Why I Switched from Shopify to WordPress and Woocommerce for My Online Store

Why I switched from Shopify to Wordpress and Woocommerce for my Online Store

Building a website is not only a lot of work. If you are just starting out in the digital world, it can also seem a bit overwhelming. There are so many choices, providers and solutions. How do you know which one is right for you? As I mentioned in my post about setting up your website, I soon realised that I prefer to work with WordPress over other Content Management Systems. Nevertheless, I started my online store project using Shopify. I ended up switching to WordPress with Woocommerce and decided to share my experience with these systems with you.

What are Shopify, WordPress and Woocommerce?

Shopify, WordPress and Woocommerce are so-called “Content Management Systems” (CMS). They are only three examples of many CMS choices. A CMS helps you to create digital content. Before the development of CMS, websites were developed using code only. Hence, you had to have some experience with writing an entire code. CMS have made it more user-friendly and allow also those with limited or no coding skills to set up their websites. If you do not want to, you do not need to change the code. However, if you want to, you have the possibility to do so as well.

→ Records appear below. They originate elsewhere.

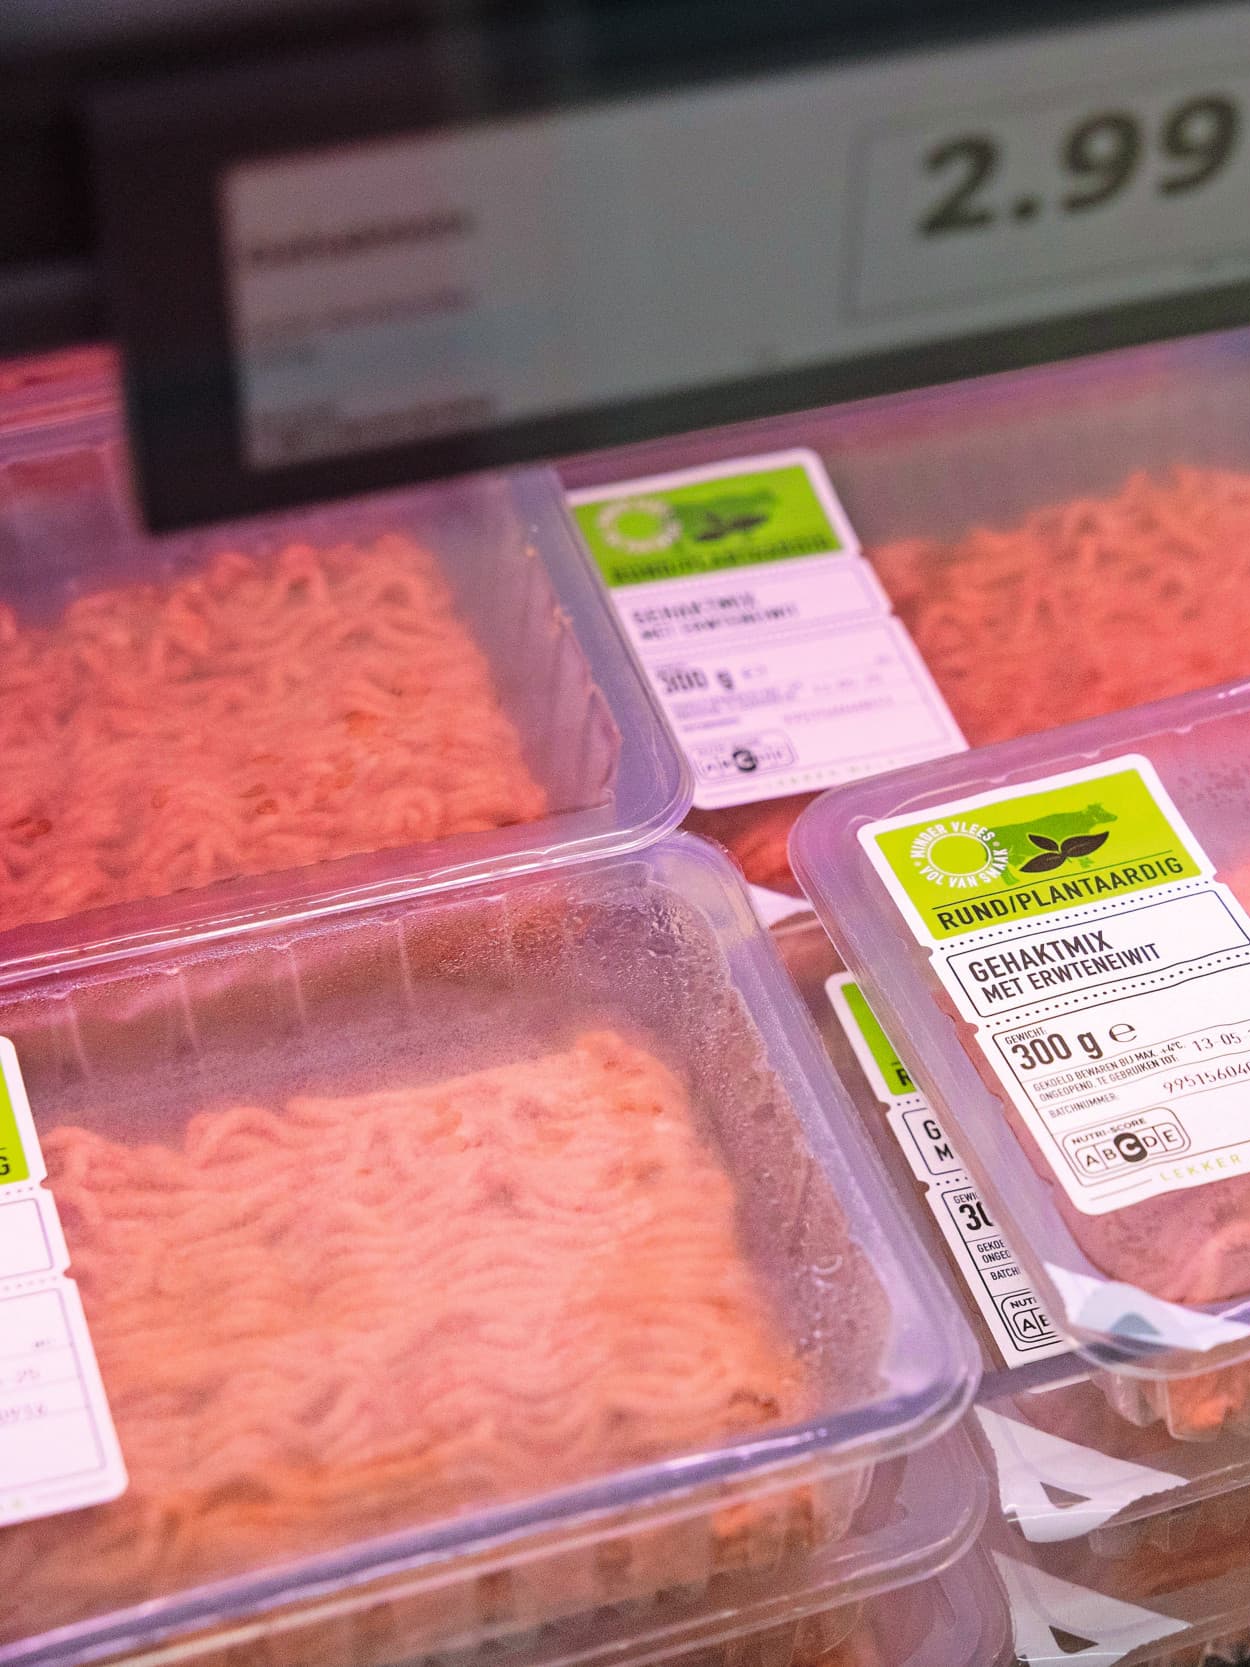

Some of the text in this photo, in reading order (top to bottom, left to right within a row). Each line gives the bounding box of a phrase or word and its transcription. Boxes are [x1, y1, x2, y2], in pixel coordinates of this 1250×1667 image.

[918, 92, 1241, 239] 2.99
[910, 821, 996, 858] MINDER VLEES
[919, 865, 945, 886] VOL
[949, 875, 978, 888] VAN
[936, 856, 1184, 931] RUND/PLANTAARDIG
[968, 930, 1114, 983] GEHAKTMIX
[981, 943, 1162, 1004] MET ERWTENEIWIT
[1011, 1033, 1073, 1070] 300
[1077, 1031, 1104, 1060] g
[1033, 1073, 1075, 1093] GEKOELD
[1076, 1060, 1119, 1081] BEWAREN
[1119, 1055, 1135, 1067] BIJ
[1108, 1060, 1160, 1082] GEBRUIKEN
[1071, 1117, 1148, 1145] NUTRI-SCORE
[1159, 1154, 1243, 1182] LEKKER
[953, 1191, 980, 1205] GEWI
[990, 1266, 1021, 1282] BATCH
[1010, 1296, 1038, 1310] NUT
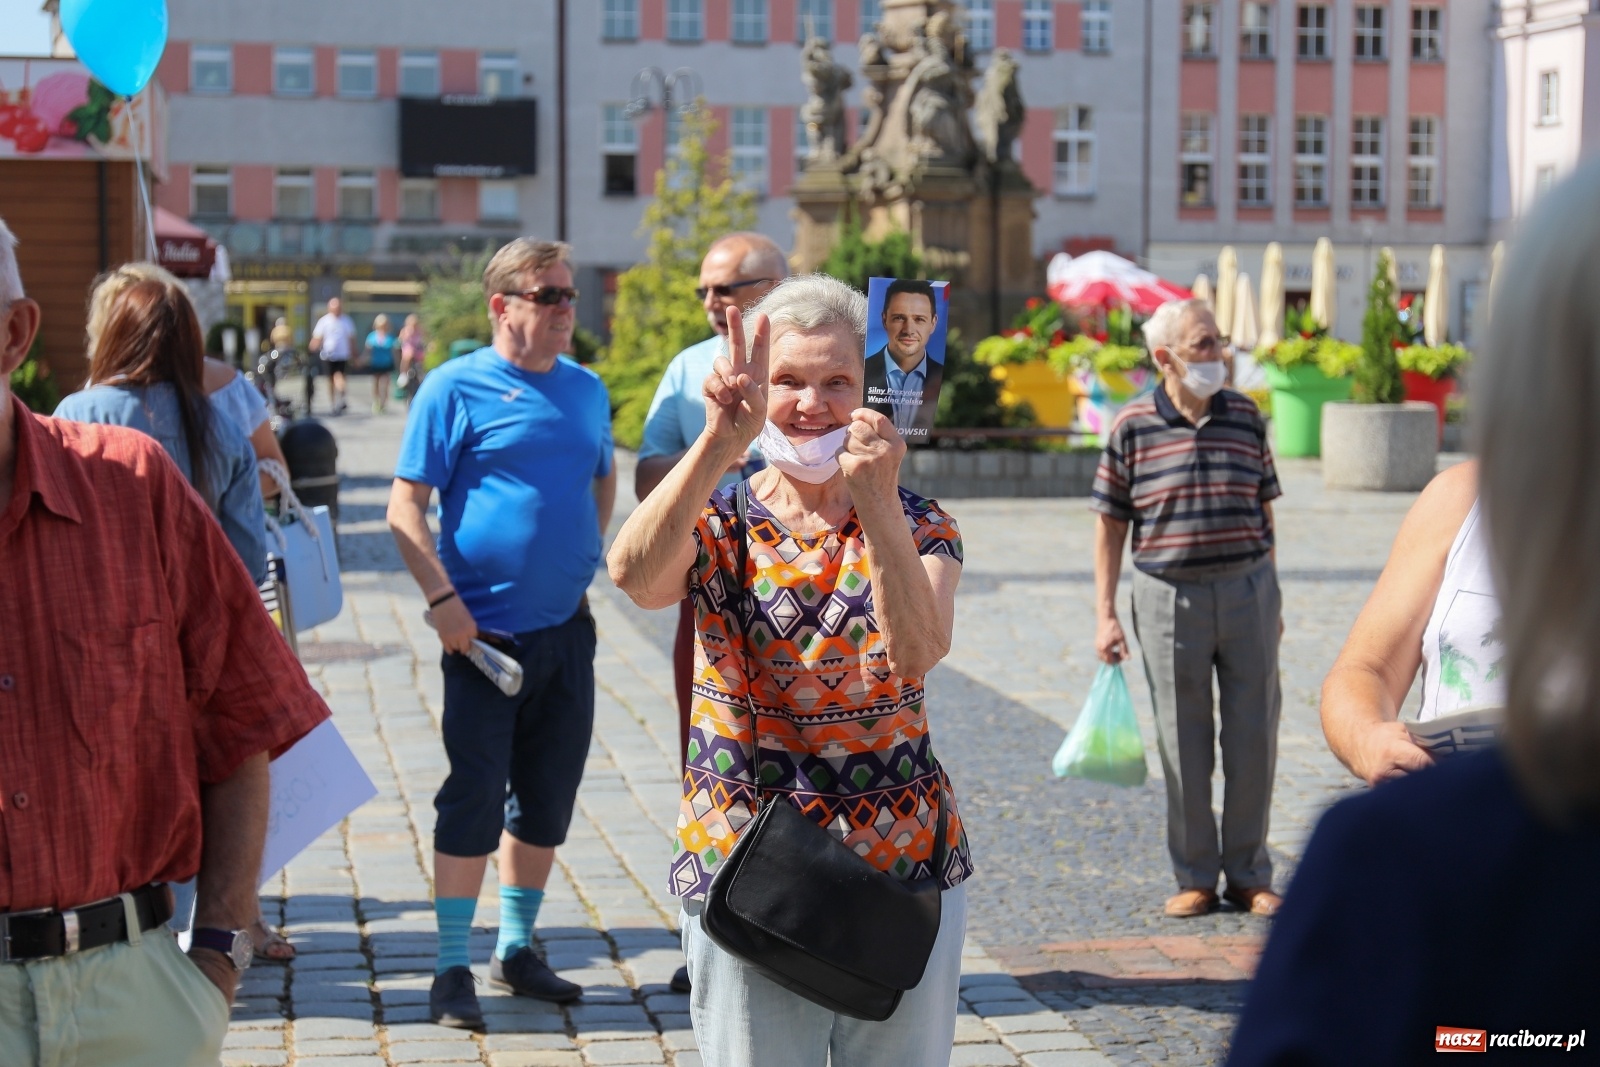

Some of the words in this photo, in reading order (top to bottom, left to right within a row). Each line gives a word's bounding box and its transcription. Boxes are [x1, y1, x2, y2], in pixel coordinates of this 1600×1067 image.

[868, 386, 886, 395] Silny
[887, 388, 924, 397] Prezydent
[867, 395, 899, 404] Wspólna
[901, 397, 924, 405] Polska
[895, 428, 928, 436] OWSKI
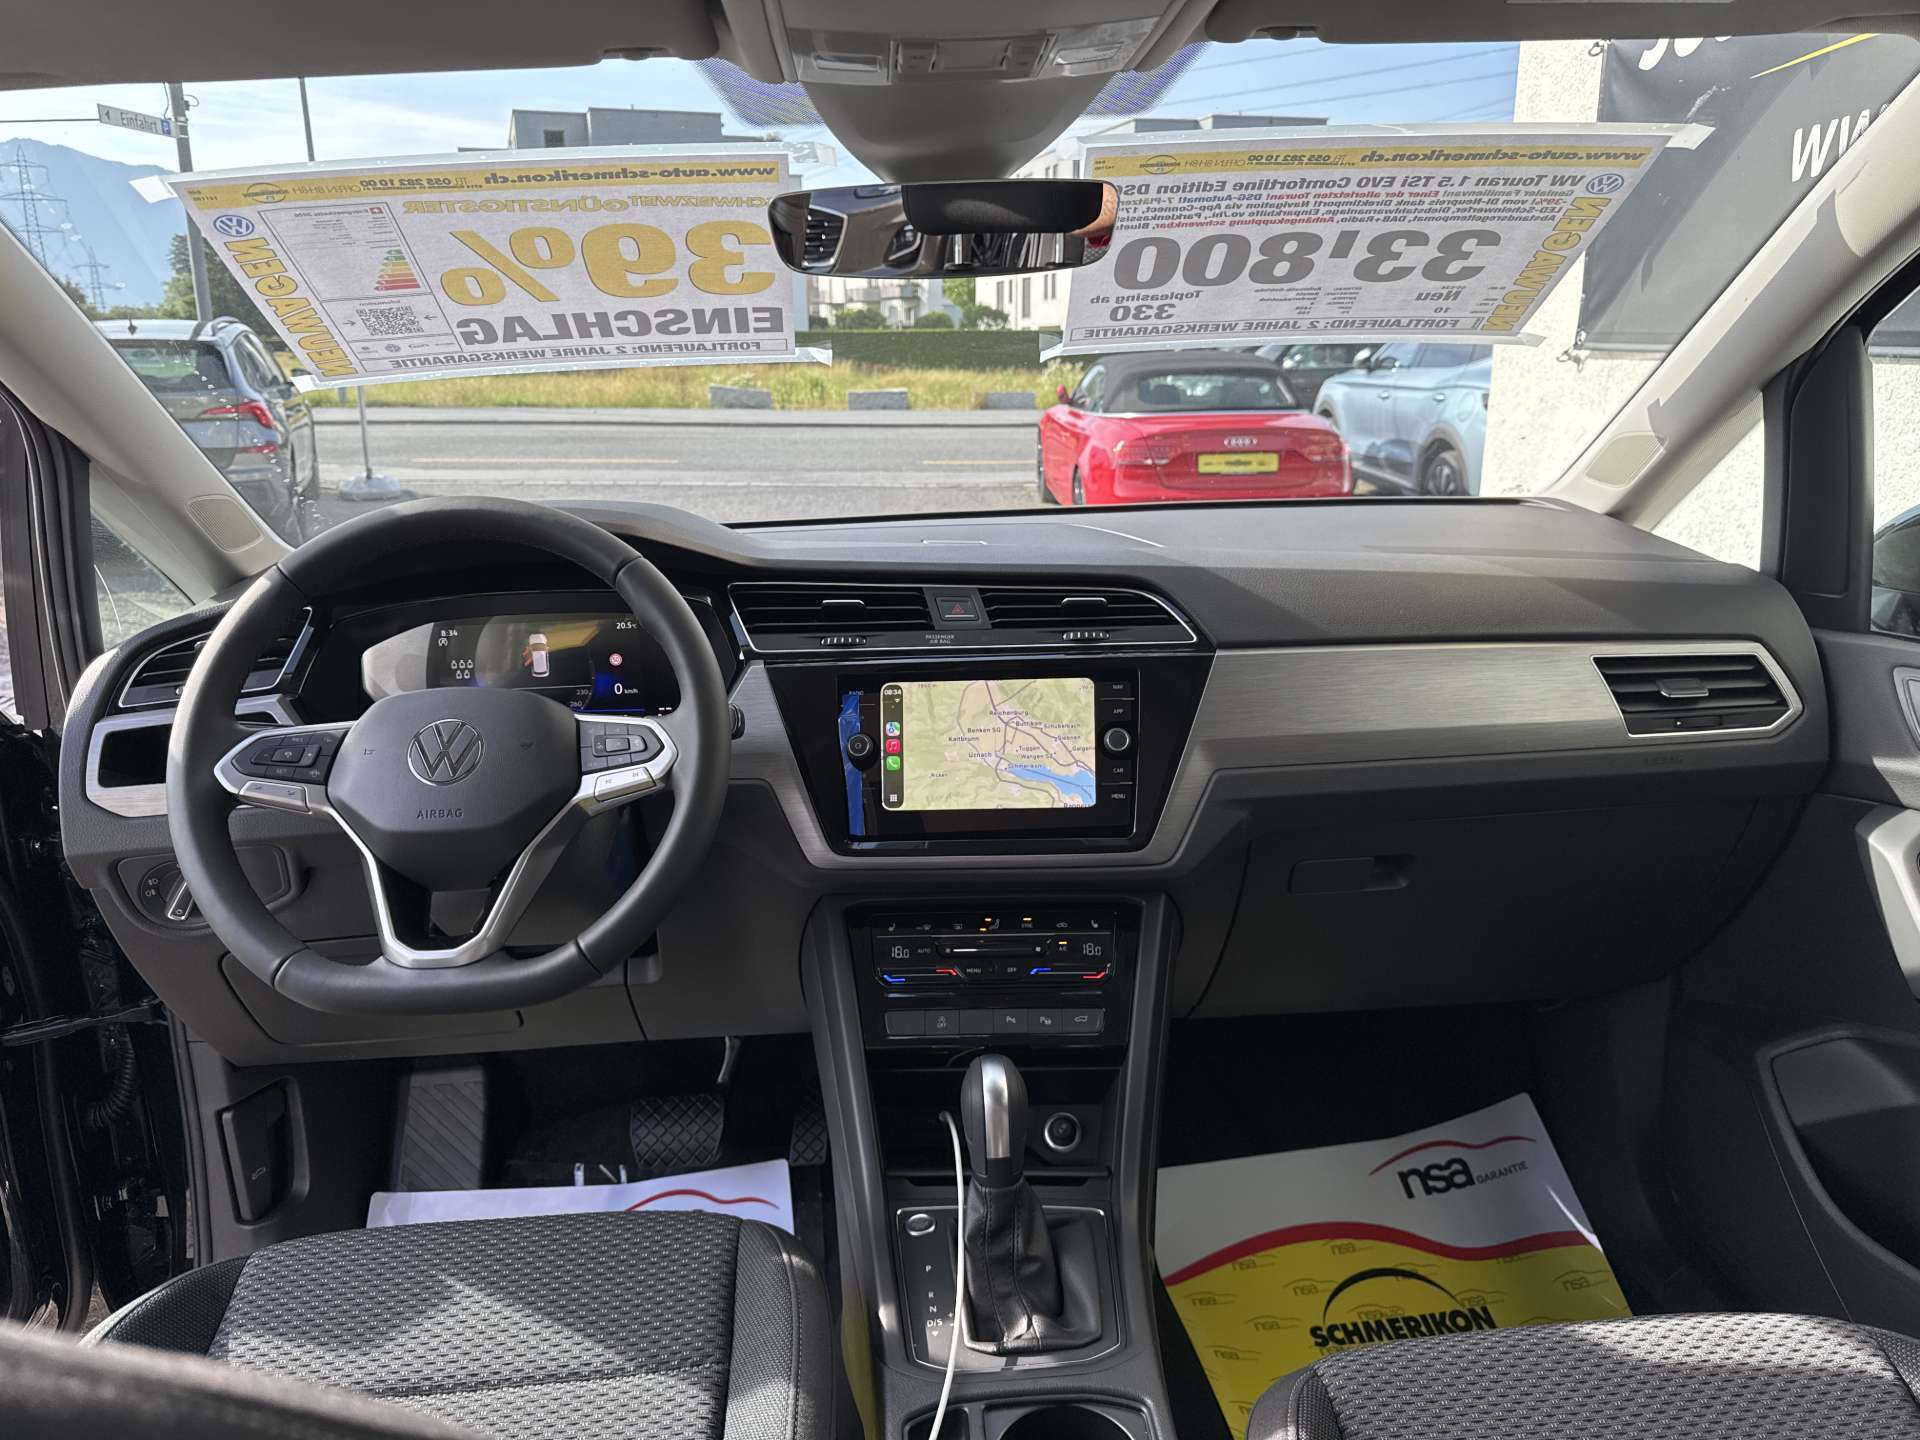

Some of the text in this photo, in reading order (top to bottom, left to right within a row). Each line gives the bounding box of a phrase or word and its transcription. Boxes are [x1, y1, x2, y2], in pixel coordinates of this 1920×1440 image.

Shopify advertises itself as a one-stop-solution to set up an online store. Everything you need can be done via their systems and partners. WordPress is open-source-based. Therefore, it is not a one-stop-solution and requires the user to put together their own system. WordPress is the base, for an online store you will need an extension such as Woocommerce. Therefore, choose a website template which is Woocommerce-compatible.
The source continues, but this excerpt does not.